___ INPUT ___
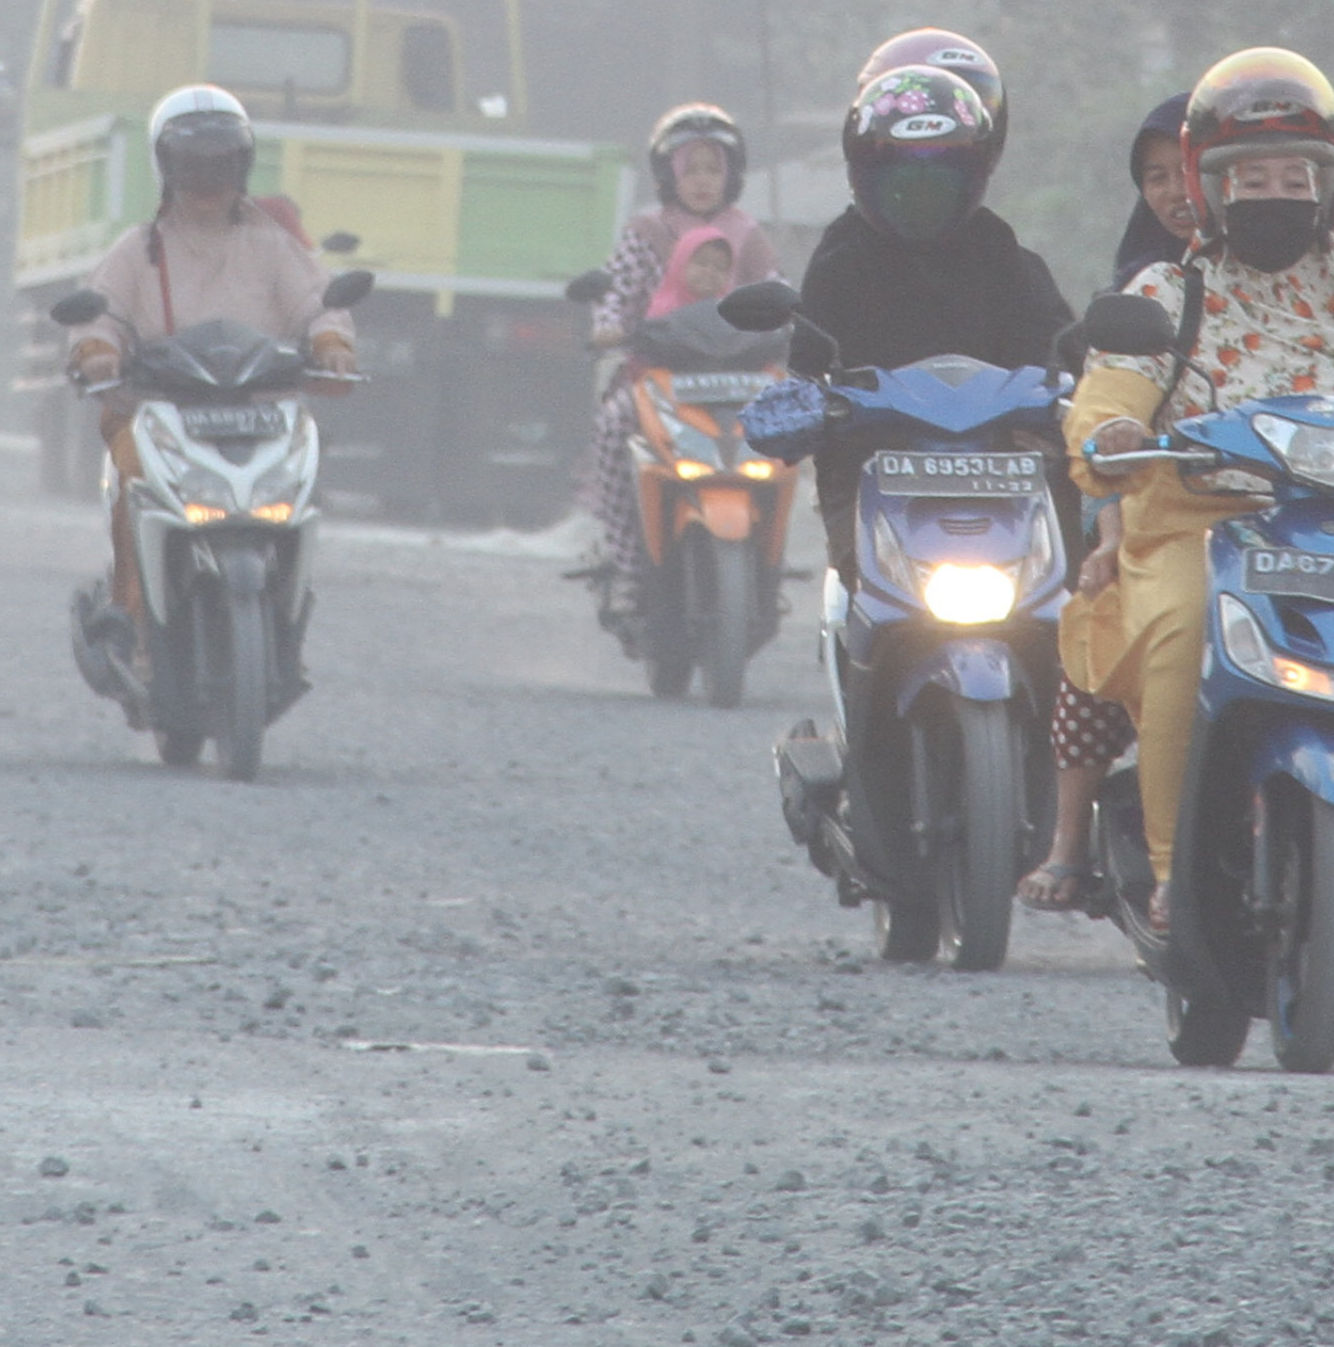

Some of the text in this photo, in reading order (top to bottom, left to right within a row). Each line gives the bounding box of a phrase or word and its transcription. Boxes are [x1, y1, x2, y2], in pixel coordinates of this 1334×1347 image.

[941, 51, 975, 61] GM
[906, 120, 943, 131] GM
[883, 456, 915, 475] DA
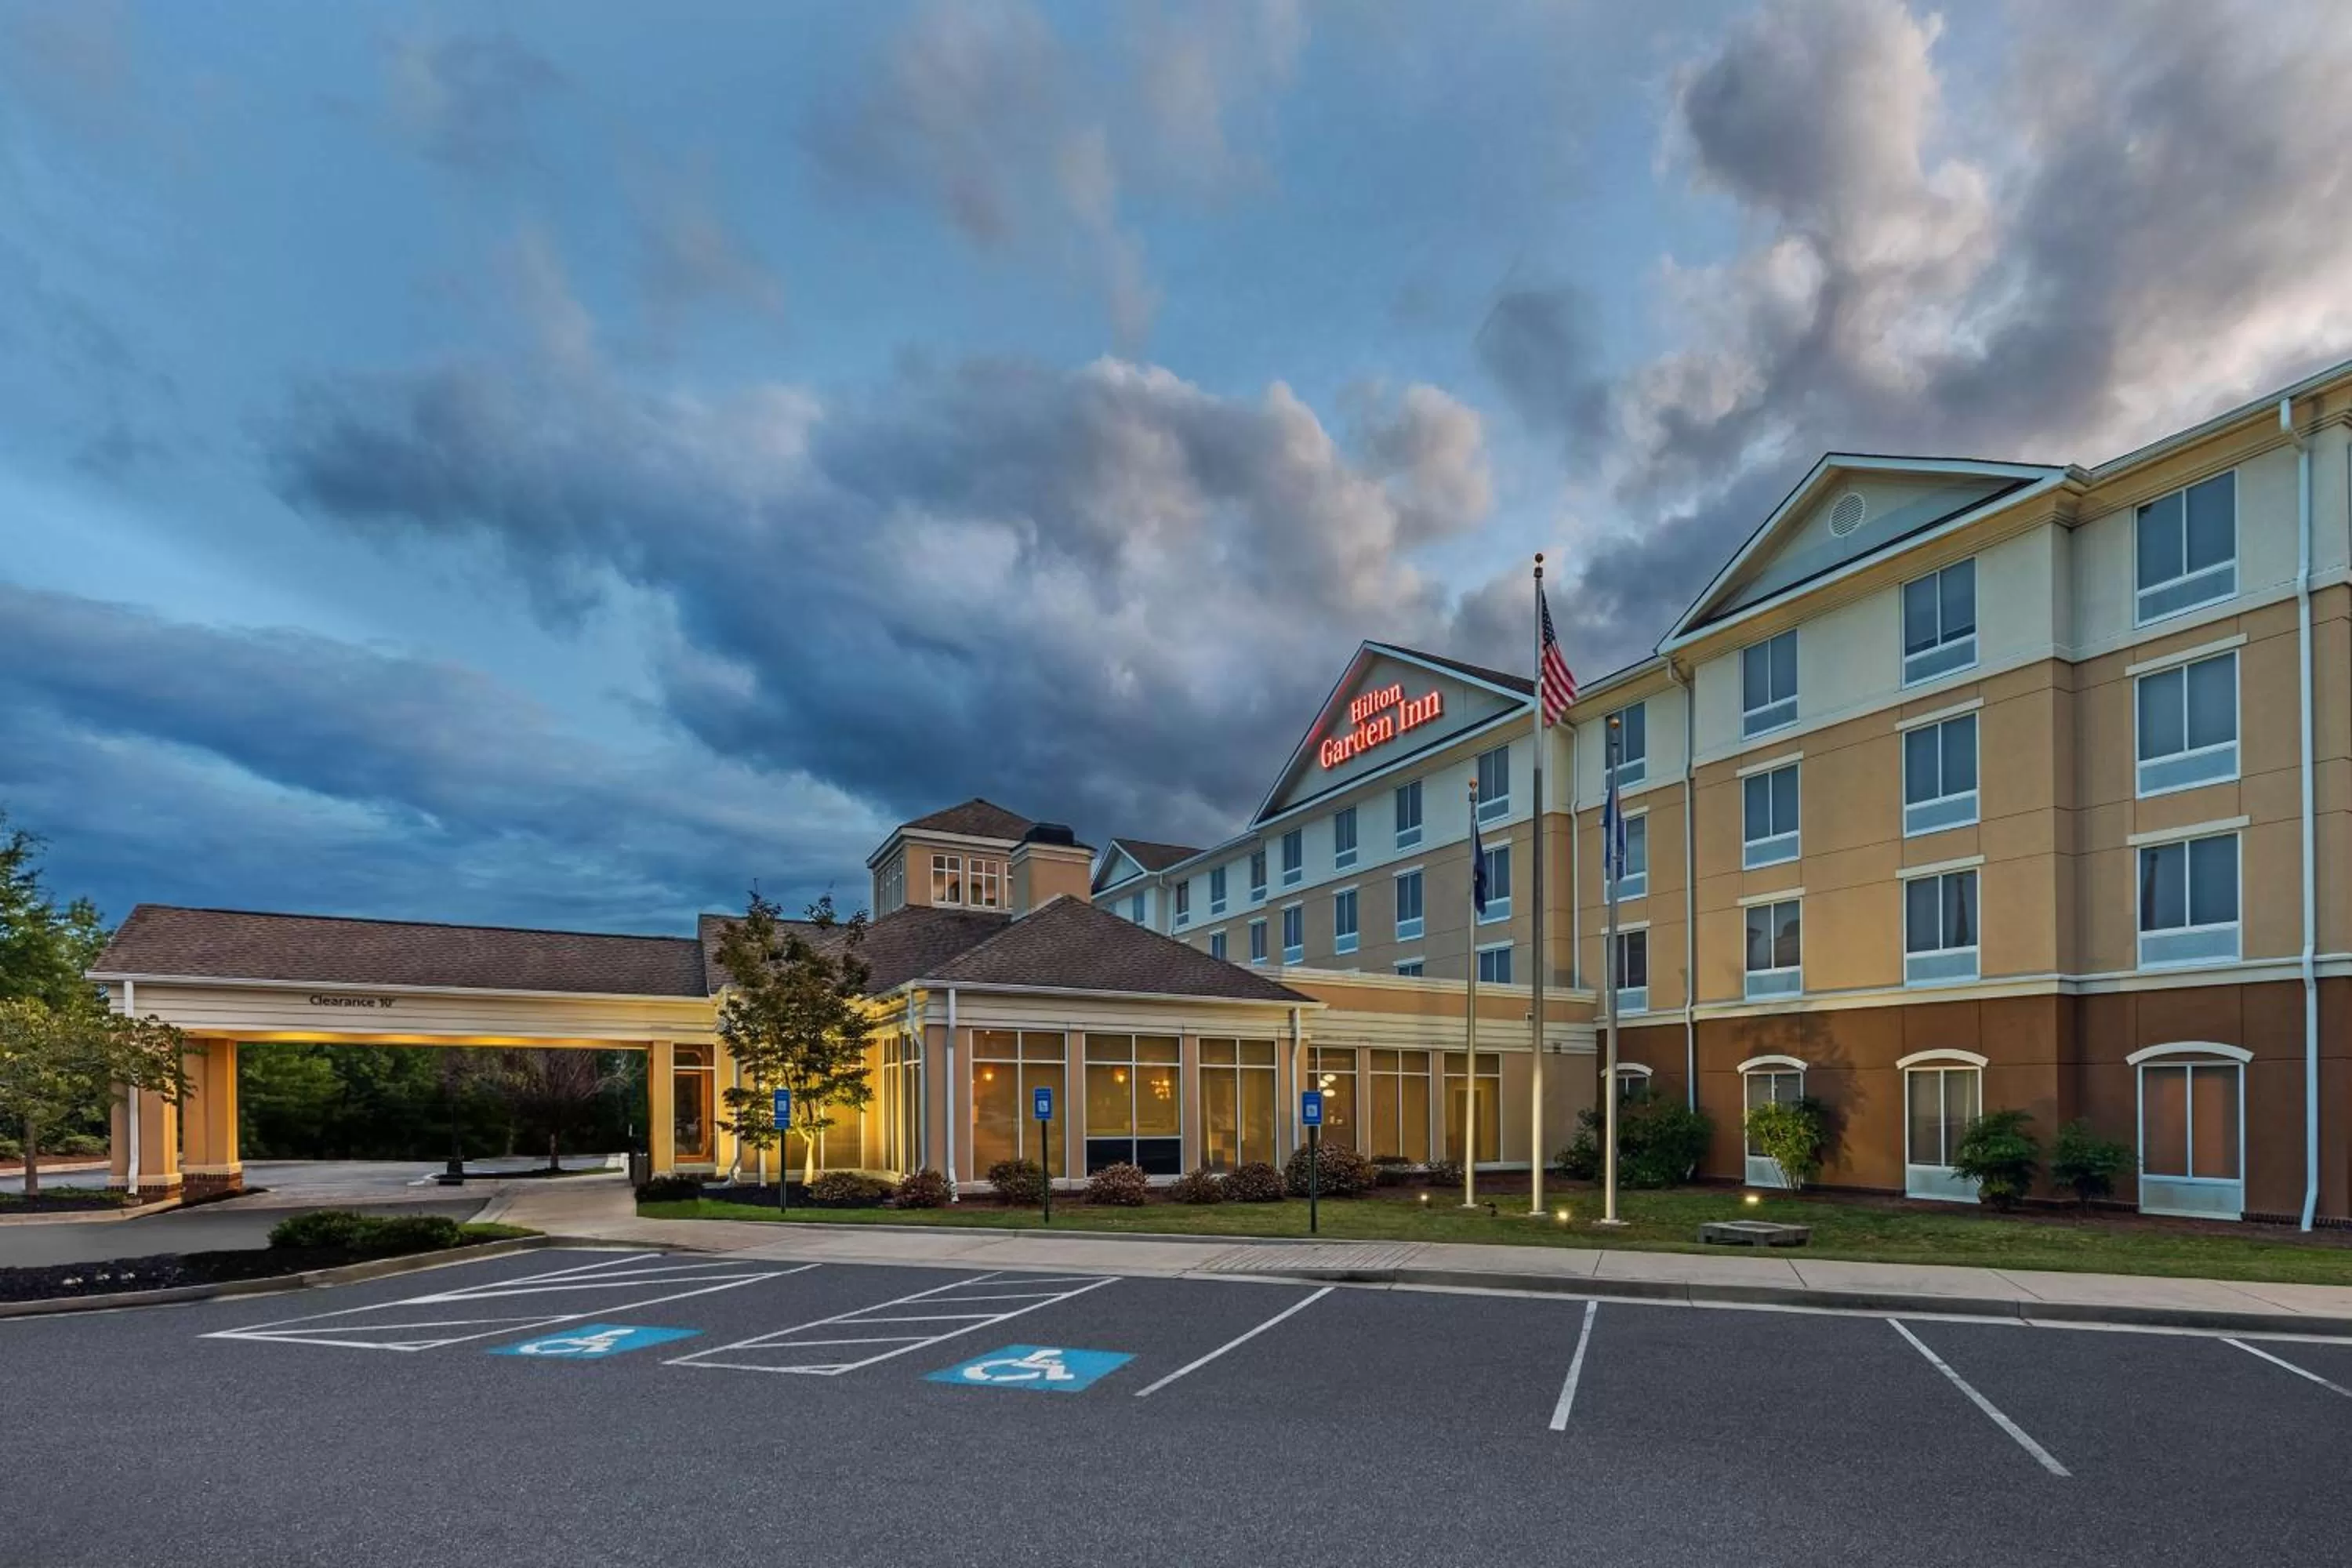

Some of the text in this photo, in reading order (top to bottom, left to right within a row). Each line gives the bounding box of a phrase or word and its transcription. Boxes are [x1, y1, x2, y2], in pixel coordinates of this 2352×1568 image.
___
> _WORK TASK_
Write the material out again word for word and omit any images.

> _ANSWER AREA_
Some of the text in this photo, in reading order (top to bottom, left to right within a row). Each line gives the bounding box of a phrase or word and its transcription. Boxes are [x1, y1, x2, y2], in pixel coordinates of this 1334×1347 image.

[941, 51, 975, 61] GM
[906, 120, 943, 131] GM
[883, 456, 915, 475] DA

Some of the text in this photo, in reading order (top to bottom, left to right within a row). Each line gives the bounding box of a phrase or word and its transcription. Boxes are [x1, y1, x2, y2], in pixel coordinates of this 2352×1568 image.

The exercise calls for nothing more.